Of the 80 million houses in the U.S., about 55 million have mortgages. Of those, four million are behind on payments. Foreclosure proceedings were begun on about 1.5 million homes last year, up more than 50% from 2006. This year will be worse. The Treasury, according to presentations its officials have made recently, predicts house prices could fall another 10% to 15% before touching bottom.
Moody's Economy.com estimates that one in roughly 12 American families with mortgages -- four million in all -- already owe more than the current value of their homes. They are said to be "underwater." The firm predicts that by early 2009 nearly one in four, or 12 million, homeowners will be underwater. Most will continue to pay mortgages on time. Many won't, and are at risk of losing their homes.
Lenders, we're told repeatedly, prefer to avoid foreclosure if possible. Better to cut a deal than end up with an empty, decaying house. "If a foreclosure is preventable...the economic case for trying to avoid foreclosure is strong," Mr. Bernanke said this week. And not just for borrower and lender: "Clusters of foreclosures can destabilize communities, reduce the property values of nearby homes and lower municipal tax revenues," he said. And that could depress housing prices, which could hurt the economy and the stability of the financial system, he added. On that much, Mr. Frank and Treasury Secretary Henry Paulson agree.
This is the foreclosure spiral that is occurring. As more people go into foreclosure house prices in the surrounding area lose value. This produces more people underwater, who then can not refinance or broker a deal with their lenders. Those people then have few options but to have a short sale, walk away before foreclosure or wait for the foreclosure.
... As the Treasury argued in a recent PowerPoint presentation: "Homeowners who can afford their mortgage but walk away because they are underwater are merely speculators." (It's a bit jarring to hear the Treasury vilifying people who are acting in their economic self-interest.) But if not for the widespread decline in house prices -- "a relatively novel phenomenon," Mr. Bernanke labels it -- and the proliferation of no-money-down mortgages made with the acquiescence of regulators, these homeowners wouldn't be underwater.

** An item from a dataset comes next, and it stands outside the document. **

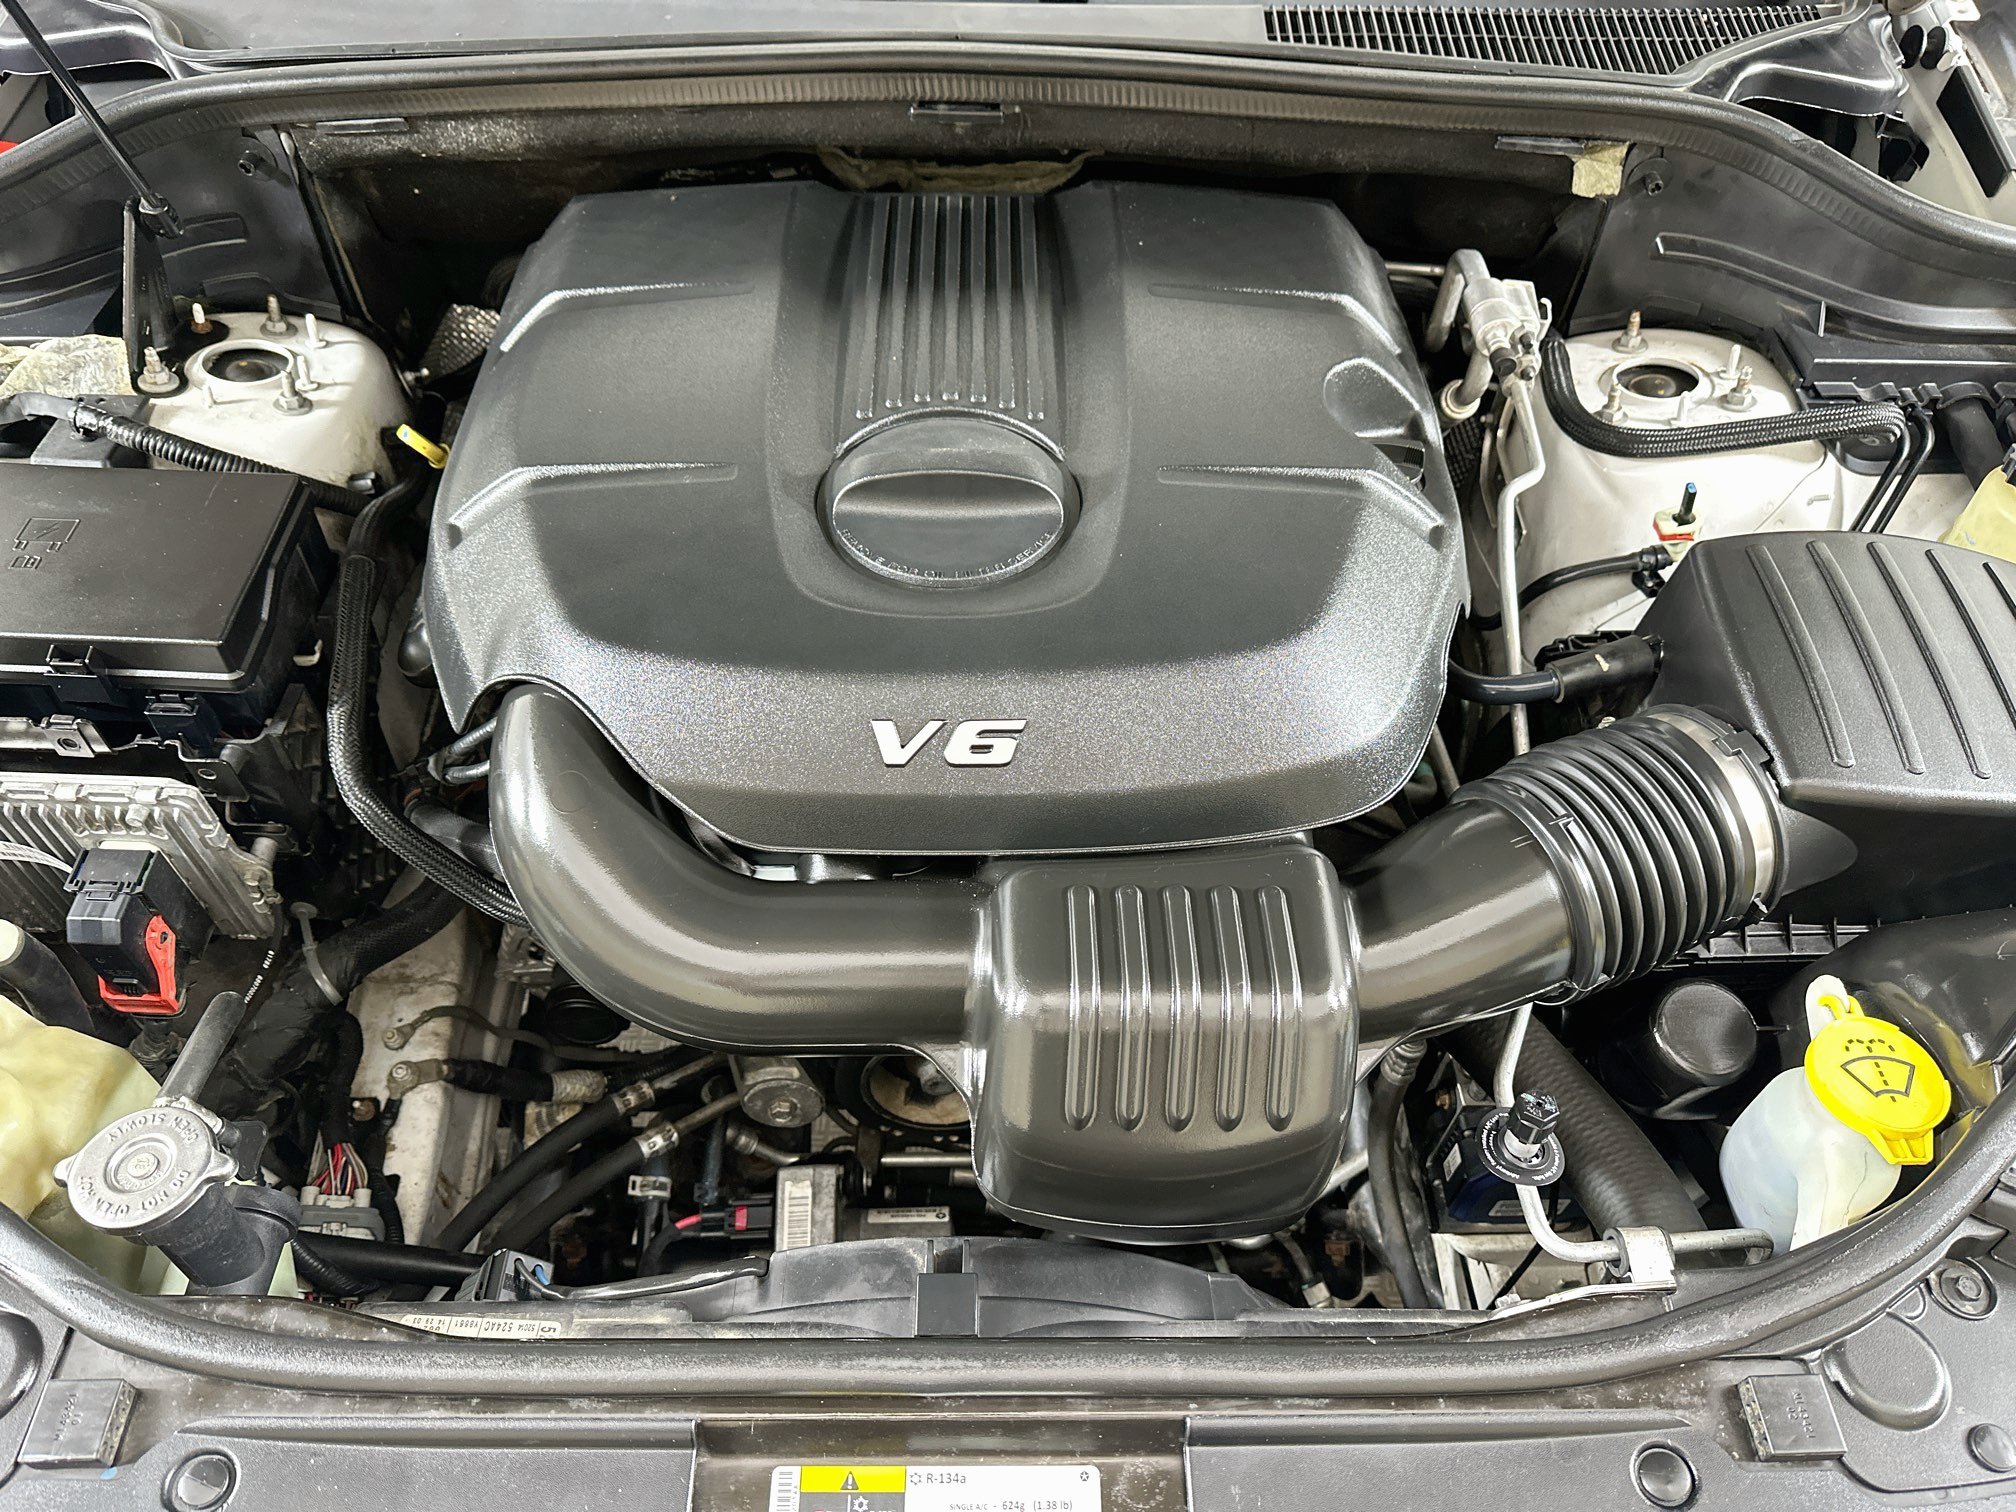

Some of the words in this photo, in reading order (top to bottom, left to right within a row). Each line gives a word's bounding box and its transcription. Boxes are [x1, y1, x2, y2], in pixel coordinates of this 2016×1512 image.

The quote is incorrect, Many people are so underwater that it will take them less time to repair their credit than get ahead. Many people who are forced to make this choice are doing it because it is in the best interest for themselves and their families. They are tied to a house they can not sell, they can not refinance, and is worth substantially less than what they paid. These people thought they were buying into the American Dream and ended up in an American Nightmare. Lenders who will not negotiate but will hound them for money and a government that scolds them like they are five-year-olds. Maybe this public anger and condemnation should be directed at the lenders who thought it was a brilliant strategy to lend people more than the value of their homes, that thought it was a good idea to pool many loans together and sell them as a sound financial investment, that make possible buyers and sellers (short sales) wait for weeks while the paperwork goes through the red tape only to come back declined. But how our we treating the lenders ...
Despite the restrictions, the plan could allow some homeowners to get a deal they don't deserve; that's the unfortunate byproduct of any rescue. But the Treasury and Fed surrendered the let-the-market-work-it-out high ground when they agreed to risk nearly $30 billion of taxpayer money to shield Bear Stearns, its creditors and counterparties from losses.
Currently our tax dollars are helping only one of the parties in trouble. Granted their are millions more borrowers than lenders to the fix is much simpler - but this does not erase the parity of the situation. Scolding one party while favoring the other when both parties bear responsibility for the troubles is just bad policy and bad politics.